Stored data entries
*-*-*

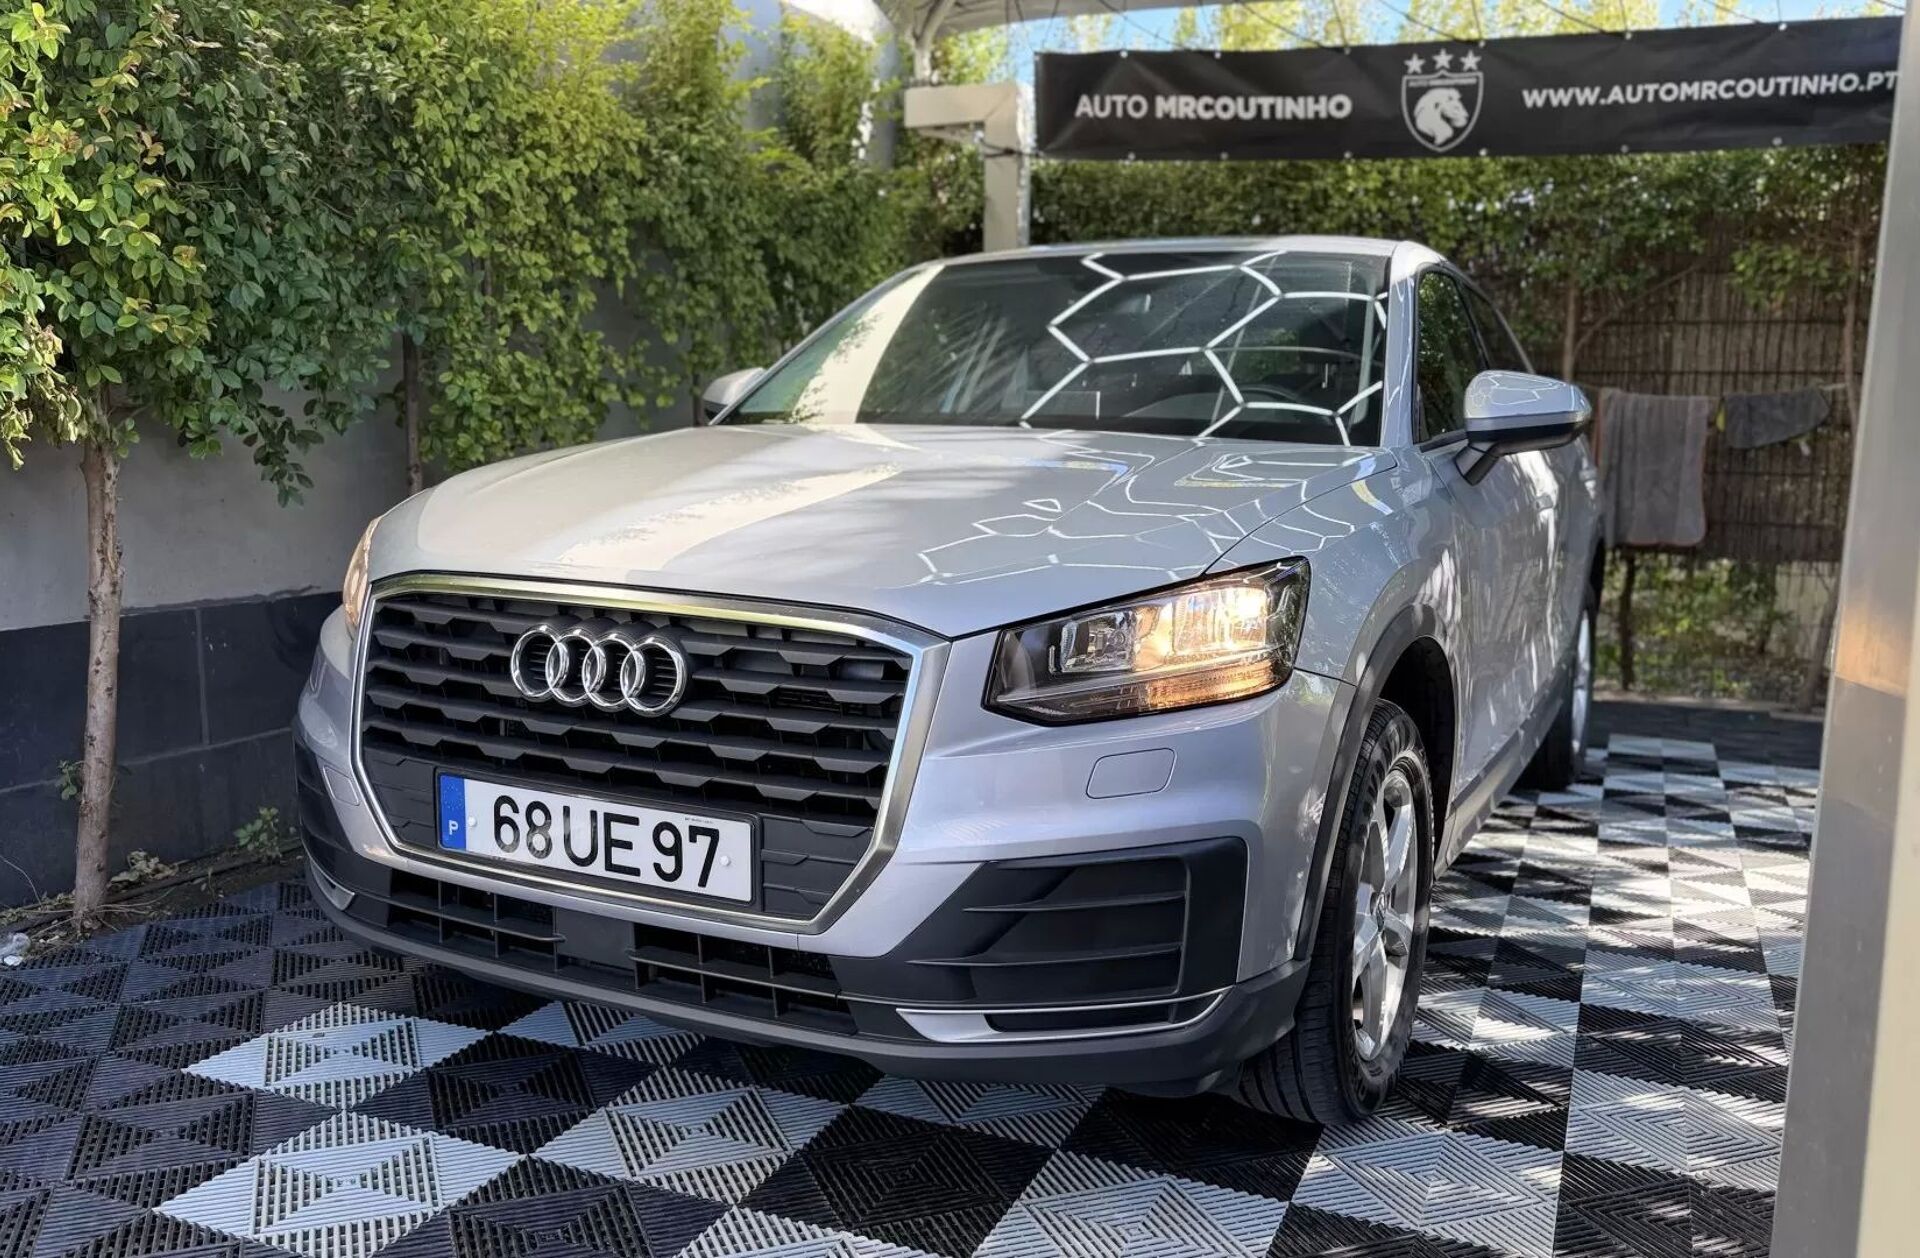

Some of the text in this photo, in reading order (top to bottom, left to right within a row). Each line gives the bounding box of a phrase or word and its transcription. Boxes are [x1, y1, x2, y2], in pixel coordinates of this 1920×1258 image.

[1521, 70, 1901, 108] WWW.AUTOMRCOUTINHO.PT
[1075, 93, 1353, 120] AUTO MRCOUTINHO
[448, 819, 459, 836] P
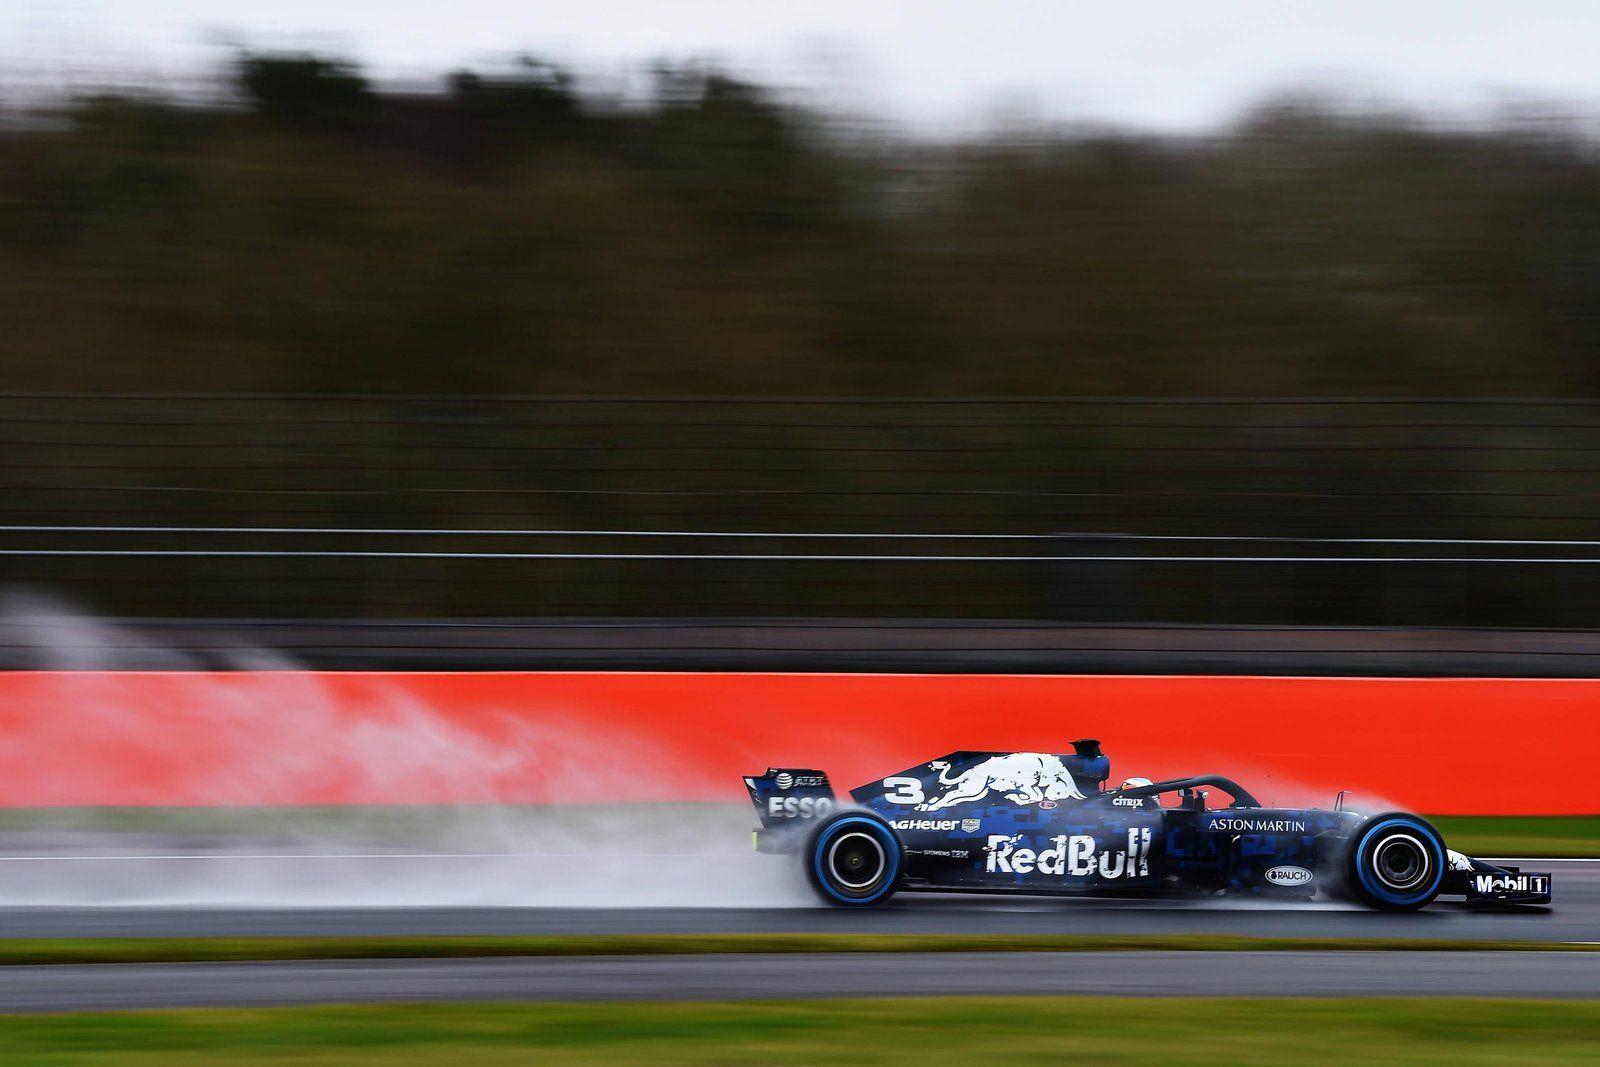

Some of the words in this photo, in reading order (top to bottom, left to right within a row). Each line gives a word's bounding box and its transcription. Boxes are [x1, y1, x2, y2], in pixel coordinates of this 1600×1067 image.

*-*-*

§ **Work task**
Give all entries again verbatim, without any images.

§ **Answer section**
Some of the text in this photo, in reading order (top to bottom, left to right within a row). Each line gives the bounding box of a phrase or word and its transcription. Boxes are [x1, y1, x2, y2], in pixel coordinates of this 1920×1258 image.

[1521, 70, 1901, 108] WWW.AUTOMRCOUTINHO.PT
[1075, 93, 1353, 120] AUTO MRCOUTINHO
[448, 819, 459, 836] P

Some of the words in this photo, in reading order (top to bottom, left to right within a row). Each line gives a word's bounding box and its transcription. Boxes are [x1, y1, x2, y2], in pixel coordinates of this 1600×1067 image.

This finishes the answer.